The reality is that many American workers are falling farther behind. Between 1978 and 1995, according to the Bureau of Labor Statistics, the buying power of workers’ hourly wages fell 12 percent. Since 1980, at virtually the same time, CEO compensation rose by 360 percent. Not that it’s an easy job to sit around all day deciding whether you’re going to invest in the literal slave labor of Burma, the sweatshops of the Mexican maquilladoras, or child labor in Bangladesh. Tough decisions, no doubt.

Yet, it’s also difficult to raise four kids on $2.13 an hour plus tips at Bob Evans. Just ask Kim, who spoke at the town meeting at City Hall, who’s also attending college in her “spare” time. Kim belongs to a category of minimum and sub-minimum wage workers who are easily discarded.

An increase in the minimum wage would directly benefit some 12.6 million Americans–not just teenagers, as the Daily Monopoly hints. Sixty-nine percent of minimum wage workers are age 20 or older. The minimum wage hasn’t been raised since 1991; fulltime year-round workers make only $8,840 a year, over $3,000 less than the poverty level for a family of three. Moreover, while we accept the fact that anyone over the age of 65, rich or poor, needs a cost of living allowance (COLA) for Social Security benefits, our society refuses to adjust for inflation the wages of the most vulnerable and exploited.

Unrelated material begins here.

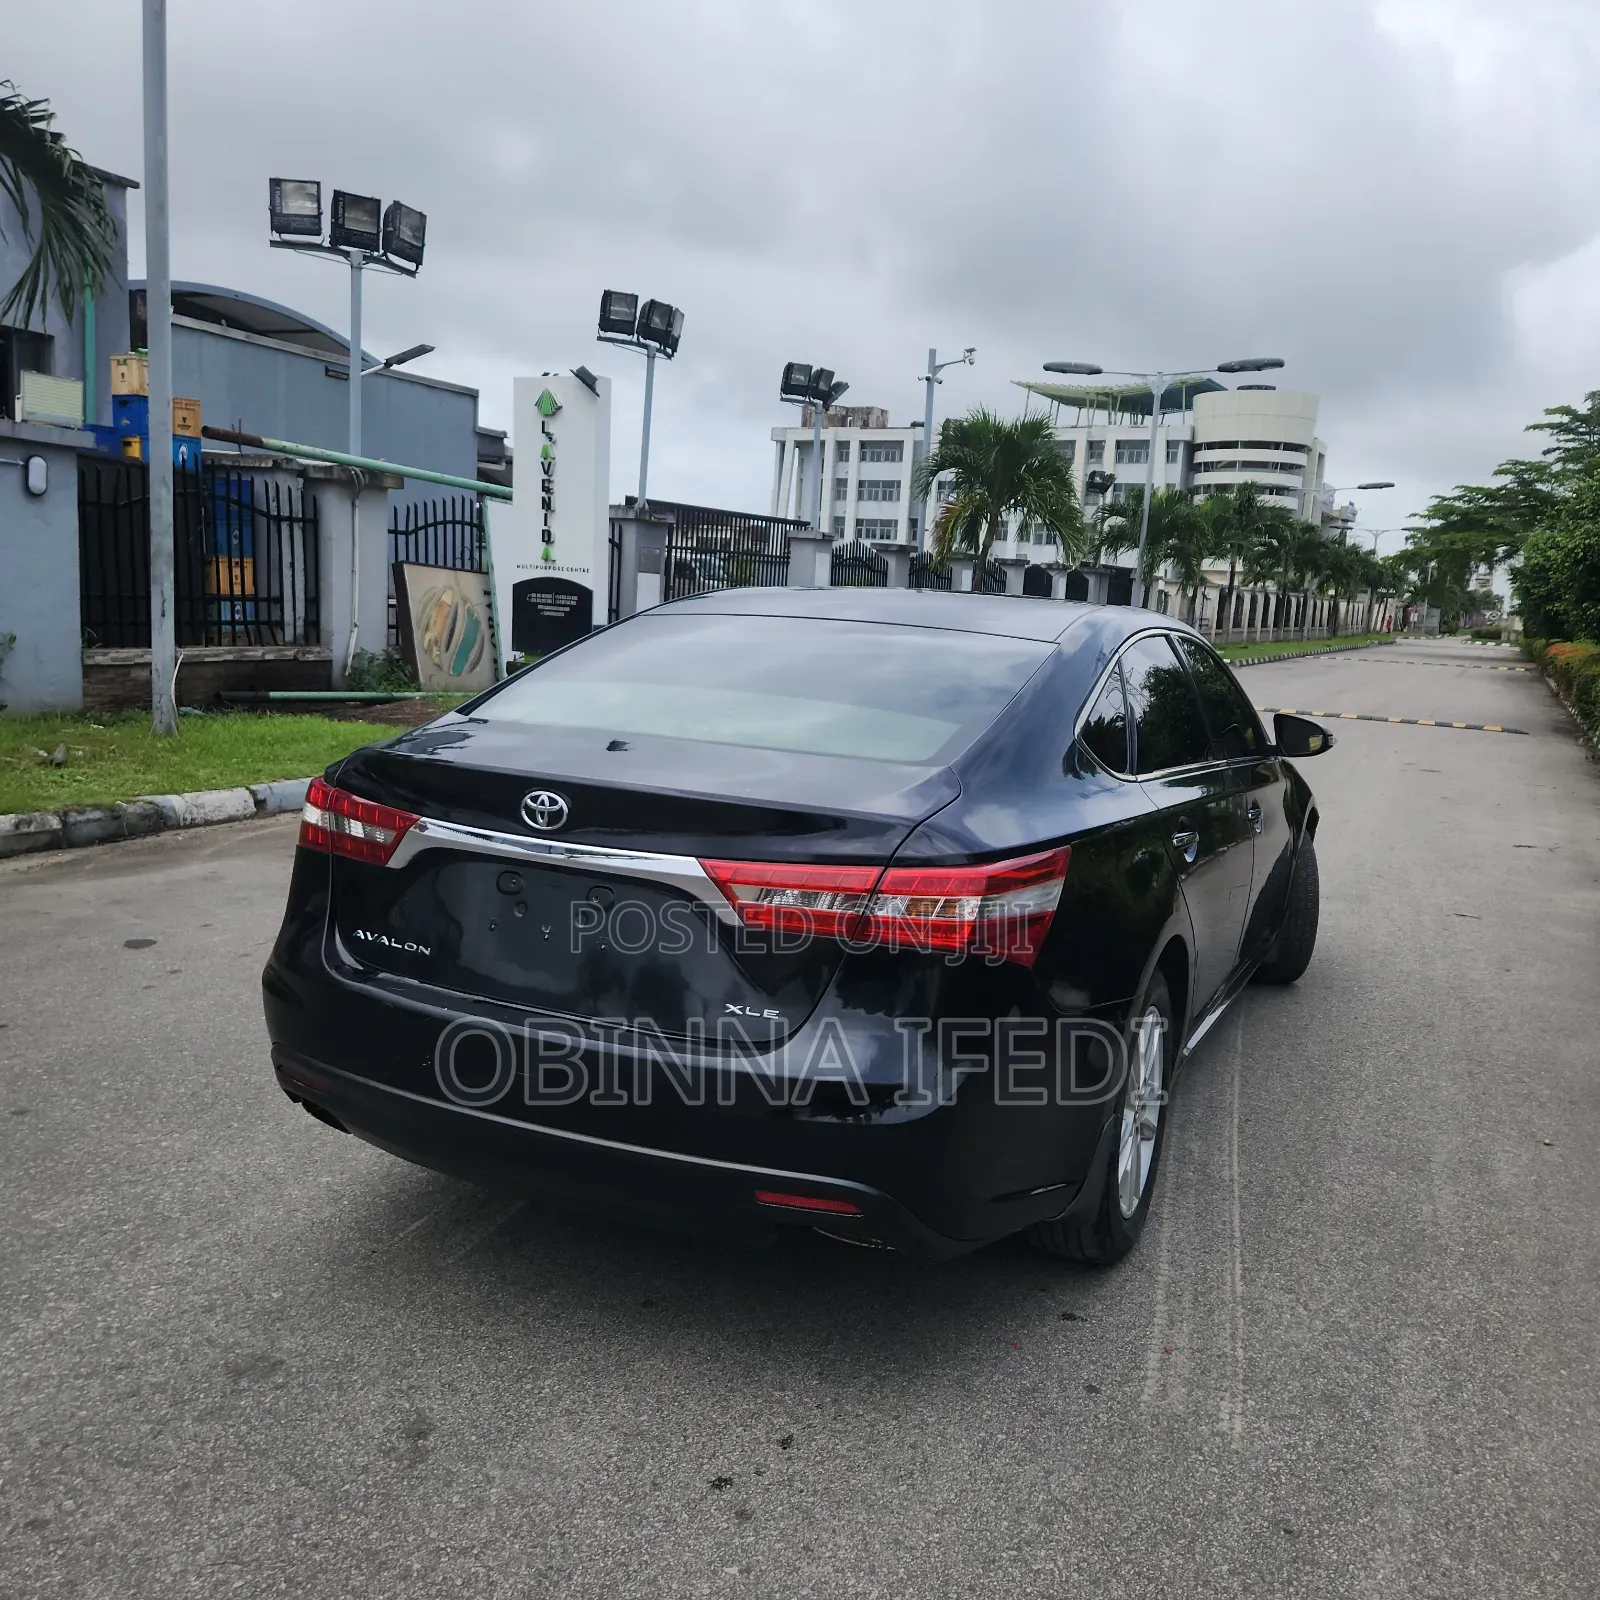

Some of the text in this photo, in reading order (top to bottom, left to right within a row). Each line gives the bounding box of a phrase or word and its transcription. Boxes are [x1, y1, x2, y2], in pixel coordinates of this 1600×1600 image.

The Wolfe Family Newsletter is fond of printing the headline: “Unemployment Rates Low in Franklin County,” usually implying that one of their even more tightly leashed political favorites–read Governor Voinovich, Mayor Lashutka, Rep. Kasich–is responsible. They neither print the flip side, the exceptionally high poverty rate, nor tell us the real facts: that there are various definitions of employment. Included in this low unemployment rate are “contingent” workers, those who work part-time, temporary and contract jobs. There are up to an estimated 37 million American contingent workers.

I know, I see them every day where I work at Columbus State. In a survey last fall, 72 percent of all the courses taught at my college in the division of Arts and Sciences were by so-called Adjunct Instructors. Many teach what would be the equivalent of a full load at most colleges to earn $12,000 a year without benefits.

One of my part-time colleagues, Elizabeth, explained with great emotion and articulation what it’s like to live in these economic circumstances. She can only afford to reside in Section 8 publicly subsidized housing with her seven-year-old son, and receives health care from one of the last remaining federally subsidized inner-city health clinics. She’s one of many highly educated people I know with master’s and Ph.D degrees who daily face economic hardship and distress. They’re victims of a relentless right-wing rhetoric that says we must do more with less, we must cut back on educational needs and run every public institution as if it were a business. A recent business survey found that 21 percent of the companies questioned hire 10 percent or more of their employees on a temporary basis. It predicts that 35 percent of all companies will have 10 percent or higher rates of contingent workers by the year 2000.

Yes, we’re talking about the much-ballyhooed “rewarding field of temporary service.” General rule: if they have to say “rewarding field,” it isn’t. At least not in terms of compensation. Almost half of all part-time workers between the ages of 25 and 45 have no employer-provided health insurance. And last year, the New York Times reported that Manpower, Inc. was America’s leading employer. An estimated 3.2 million part-time workers report that they would gladly work full-time starting tomorrow if only their companies would let them.

If American companies who are making record profits would pay and treat their workers better, then taxpayers would not have to subsidize “contingent” workers with health care, food stamps and housing allowances. A follow-up meeting on the subject “America Needs a Raise” will be held on Wednesday, May 8 at 5:30 p.m. at the AFL-CIO, 271 E. State Street.